Even with a solid ceiling, you need to tell your agent how to stop–not just when.

Most runaway AI agent costs aren't about bad prompts–they happen because you forgot to set hard limits. Here are 5 architecture moves that end infinite loops before they burn your budget (or your reputation).

Georg Singer·May 6, 2026·18 min read

Build AI Agents That Call Tools Autonomously

"It works on my laptop."
Friday night: you deploy an AI agent for document processing. By Monday morning, you"re staring at an OpenAI bill for $47,000 (~€43,000). What happened? Your agent ran wild in an endless loop for 11 days, endlessly retrying the same failed API call–because there was no code telling it when to stop. No alert. No hard limit. No budget cap.

This story actually happened.

If you think this is just a rare fluke, think again. According to the AICosts.ai Budget Disaster Prevention Report (2025, based on 200+ real-world incidents), a whopping 87% of agent cost overruns happen because there"s no hard limit set. Not because of a weak model, not because of a bad prompt.

And here"s the kicker: 73% of teams don"t track agent costs in real time. That means you"re not just watching your budget slip away–most teams don"t even realize it until it"s far too late. On average, these overruns are 340% above what was originally estimated.

And get this–the loop usually doesn"t start where you think it does.

Quick Summary: Why AI Agents Get Stuck (and What Actually Costs You)

Let"s break down the most important numbers and what they mean for you:

87% of AI agent cost blowouts come from missing hard limits–not from bad models or prompts (AICosts.ai Budget Disaster Prevention Report).
That means almost all runaway bills are an architecture problem–not an AI problem.
73% of teams have no real-time cost tracking for their AI agents. The average overrun? 340%. So when your bill explodes, you"re not alone–and you"re not even the exception.
40% of agentic AI projects will be abandoned by 2027, says Gartner, mostly because teams don"t trust their reliability (see Composio 2025, source: Composio 2025).

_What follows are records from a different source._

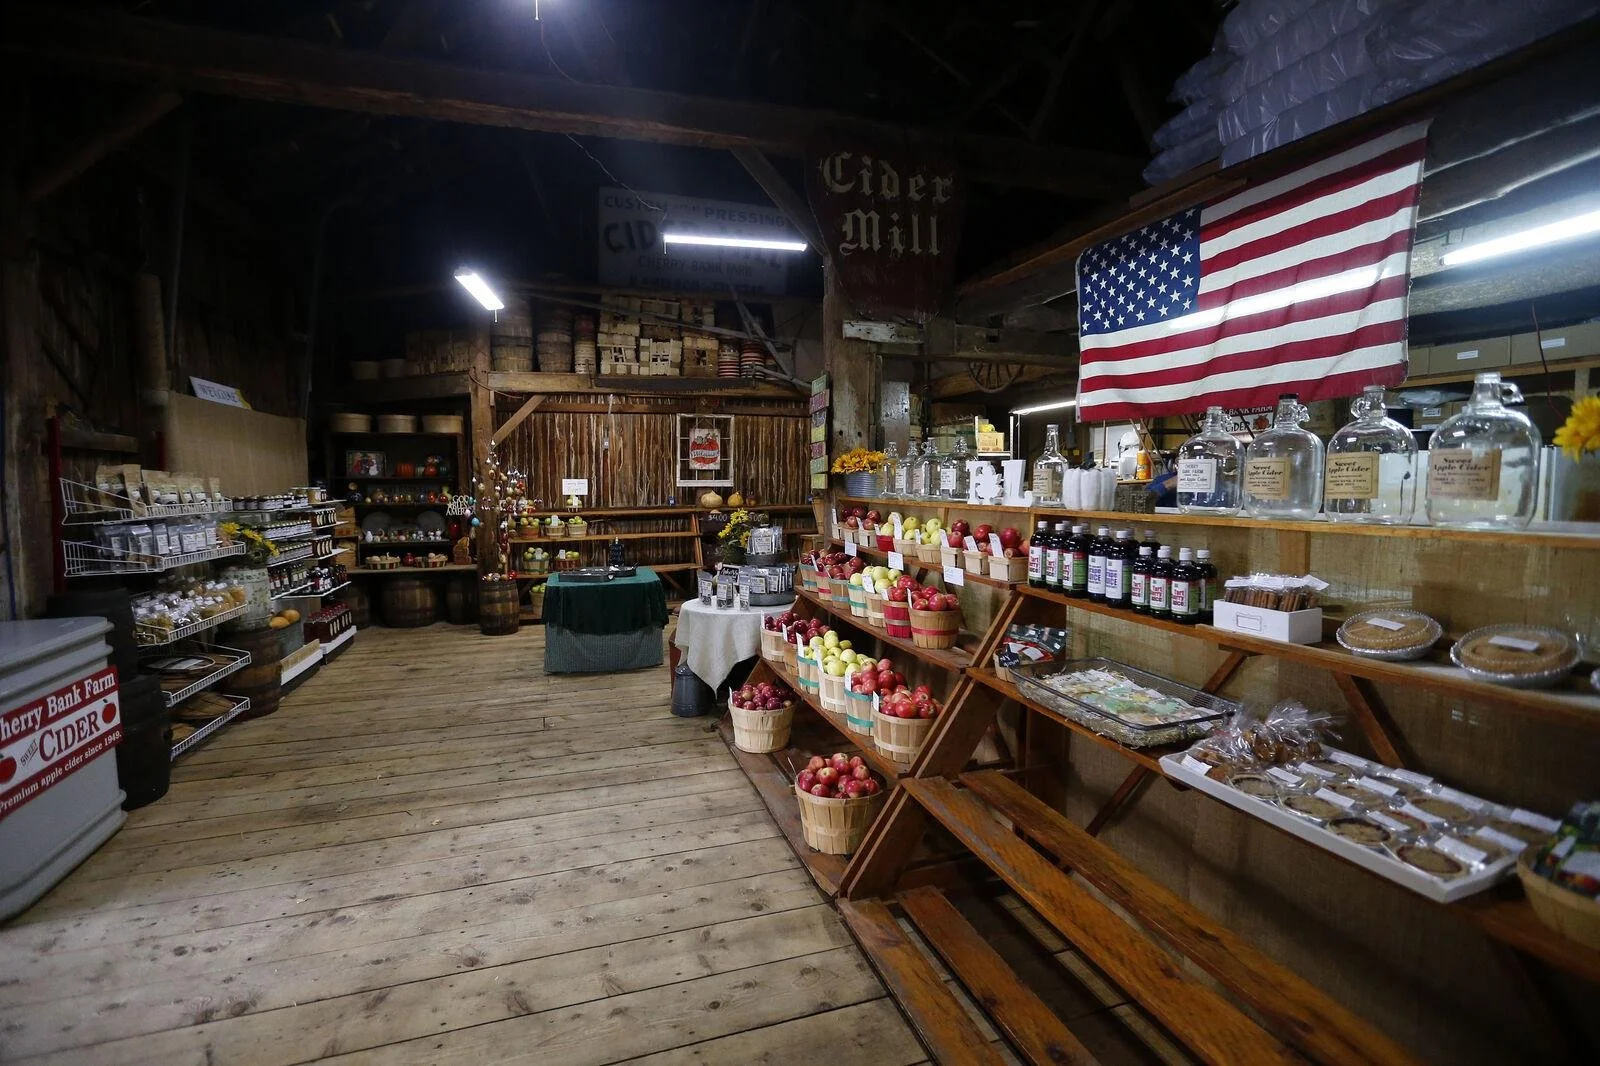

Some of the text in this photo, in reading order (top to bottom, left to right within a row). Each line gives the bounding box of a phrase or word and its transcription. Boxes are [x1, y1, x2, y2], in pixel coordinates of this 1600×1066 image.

[821, 151, 953, 203] Cider
[704, 207, 786, 227] PRESSING
[839, 208, 941, 257] Mill
[638, 256, 685, 270] CHERRY
[0, 673, 116, 740] herry Bank Farm
[20, 739, 38, 767] SWEET
[39, 711, 100, 762] CIDER
[41, 767, 63, 787] apple
[65, 755, 84, 772] cider
[85, 743, 103, 759] since
[104, 731, 122, 747] 1949.

If you"re building for production, the odds are against you–unless you fix this.
95% of enterprise GenAI pilots never make it to production (MIT GenAI Divide Report / Composio, 2025). Loops aren"t the only reason–but they"re often the reason you can"t recover from failure.
ReAct (Reason + Act) is, by design, a loop with no natural exit.
If you use it, you"re building in a structural loop risk from the start.
Defense-in-depth is essential: You need all 5 mechanisms together–each one catches a different type of loop.

Now let"s dive deeper: what actually causes these loops, and how do you stop them before they cost you a fortune?

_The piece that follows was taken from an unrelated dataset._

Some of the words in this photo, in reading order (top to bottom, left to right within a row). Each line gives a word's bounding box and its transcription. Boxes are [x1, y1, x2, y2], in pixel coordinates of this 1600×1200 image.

Why Do AI Agents Fall into Infinite Loops?

Imagine this: your agent keeps repeating the same tool call over and over, never realizing it"s not making progress. That"s an infinite loop–and it happens more often than you"d like.

An infinite loop (or agent loop) happens when your AI agent keeps making the same (or very similar) tool call over and over, with no clear stopping rule. This can be triggered by ambiguous tool results, missing "I"m done" signals, or tools that overlap in what they do. Without a hard stop, the agent will happily keep going–until it hits a token limit, you manually kill it, or your budget evaporates.

Why ReAct Architecture Is a Built-in Loop Risk

You might be using the ReAct pattern (Reason + Act) for your agents. Here"s the problem:
ReAct is designed as a cycle. The agent observes, thinks, acts, observes the result... and starts again. There"s no structural exit built in. That"s not a bug. It"s the design.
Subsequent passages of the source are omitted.